Card served as Secretary of Transportation under President George Herbert Walker Bush (1992), and was Chief of Staff during the presidential transition in 2000-2001.

Card has also served as director of government affairs at General Motors Corp. (1999-2000); president and CEO, American Automobile Manufacturers Association (1993-1998); assistant to the president and deputy White House chief of staff (1989-92); New Hampshire primary campaign manager for George Bush (1987-88); special assistant to President Ronald Reagan for intergovernmental affairs (1983-87); candidate for Massachusetts governor (1983); various Massachusetts elected and appointed offices, including state legislator (1971-82); structural design engineer (1971-75). He received a B.S. in engineering from U.S.C. in 1971.[2] (http://quest.cjonline.com/stories/121600/gen_1216007436.shtml)

According to the December 16, 2000, Associated Press article "Tracking Card's political career," (http://quest.cjonline.com/stories/121600/gen_1216007436.shtml)

"Two decades ago, Andrew Card was part of a group of brash Republican newcomers out to rattle the entrenched Massachusetts Democratic Party.

"He is now on his way to the ultimate White House insider's post: chief of staff to President-elect George W. Bush. A formal announcement, delayed by Bush for weeks because of the disputed presidential election, could come as early as Saturday.

"Card already has Bush family and White House credentials.

"He was President Ronald Reagan's liaison to the nation's governors and then, after George Bush (the president-elect's father) was elected president in 1988, Card stayed on as assistant to chief of staff John Sununu.

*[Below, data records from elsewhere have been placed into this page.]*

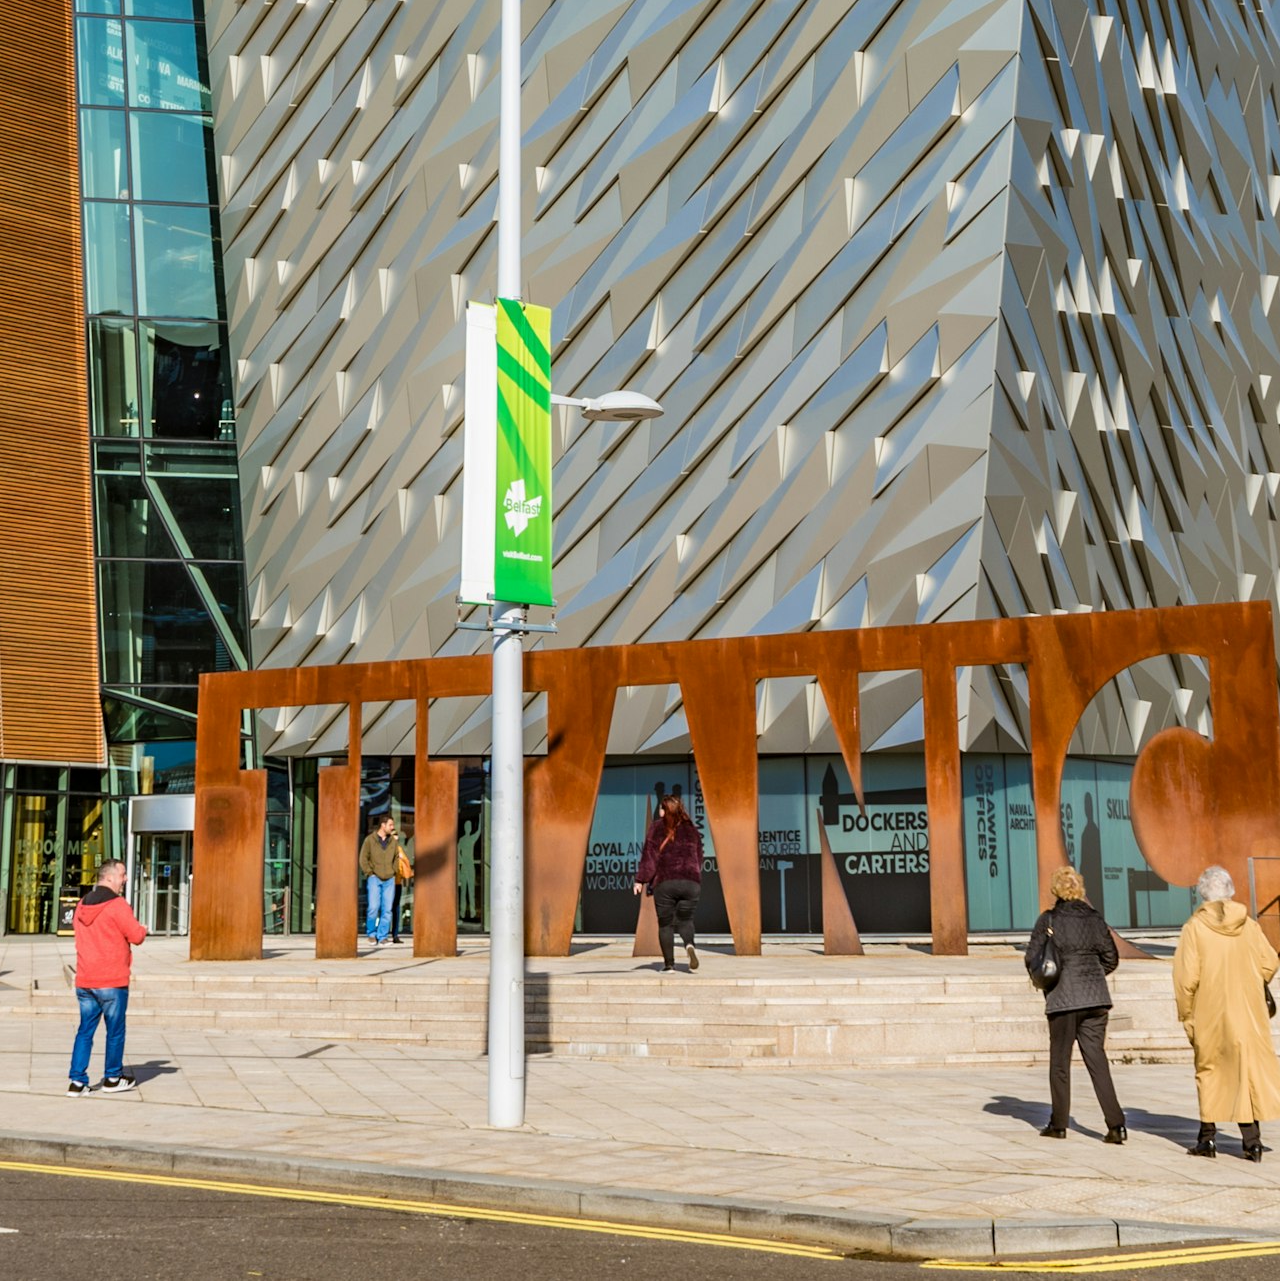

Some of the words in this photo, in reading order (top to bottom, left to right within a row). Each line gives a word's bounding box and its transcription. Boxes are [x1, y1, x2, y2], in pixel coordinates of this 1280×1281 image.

[506, 498, 540, 514] Belfast
[974, 764, 987, 861] OFFICES
[1009, 803, 1033, 817] NAVAL
[1107, 797, 1131, 821] SKILL
[842, 810, 928, 832] DOCKERS
[984, 764, 998, 878] DRAWING
[1010, 818, 1036, 831] ARCHIT
[759, 829, 801, 842] RENTICE
[891, 832, 929, 851] AND
[1065, 803, 1076, 870] GUST
[626, 842, 644, 856] AN
[760, 843, 801, 855] BOURER
[844, 853, 929, 875] CARTERS
[585, 875, 635, 890] WORKM

He later became transportation secretary.

"Those who've known him the longest say it's the skills Card learned in the trench warfare of Bay State politics -- along with hard work, a sharp mind and unflinching loyalty -- that have him on the verge of his important new job.

"'He has no guile. He's someone you trust. He's fiercely loyal and people are fiercely loyal to him,' said Andrew Natsios, a Card confidant now in charge of Boston's massive 'Big Dig' highway project.

"'If Andy's asked a question he will tell you the answer even if you don't want to hear it, and presidents need those kind of people around,' Natsios said. 'It's a long road from state representative to chief of staff for president of the United States, but with Andy it's not surprising.'

"Card's history with the Bush family began in 1980.

"That was then when he, Natsios and Paul Cellucci -- the incumbent Massachusetts governor who is believed to be in line for a Bush administration job -- led the elder George Bush's presidential campaign in Massachusetts.

"Cellucci was one of the first governors to publicly back the younger Bush's campaign. Natsios helped manage international relief operations in the elder Bush's administration.

"Card, after a failed run for governor in 1982, joined Reagan's administration and stayed through Bush's.

"After the Democrats won the White House in 1992, Card helped organize the transition, then found a lobbying job with the American Automobile Manufacturers Association, representing the big three U.S. car companies.

"That led to a job as director of government affairs for General Motors for Card, who lives in Holbrook, Mass. He took a leave of absence when the Bush family came calling again.

"This time, it was President Bush's son, George W., who sought him out to coordinate the Republican National Convention in Philadelphia. Card is credited with staging a seamless political coronation with no intraparty squabbling.

"Ed Gillespie, the Republican consultant who served as Card's No. 2 at the convention, said his boss' management style and disregard for 'the trappings of power' suit him for the job of White House chief of staff.... The success of the convention raised Card's stock with Bush, as did his personal style....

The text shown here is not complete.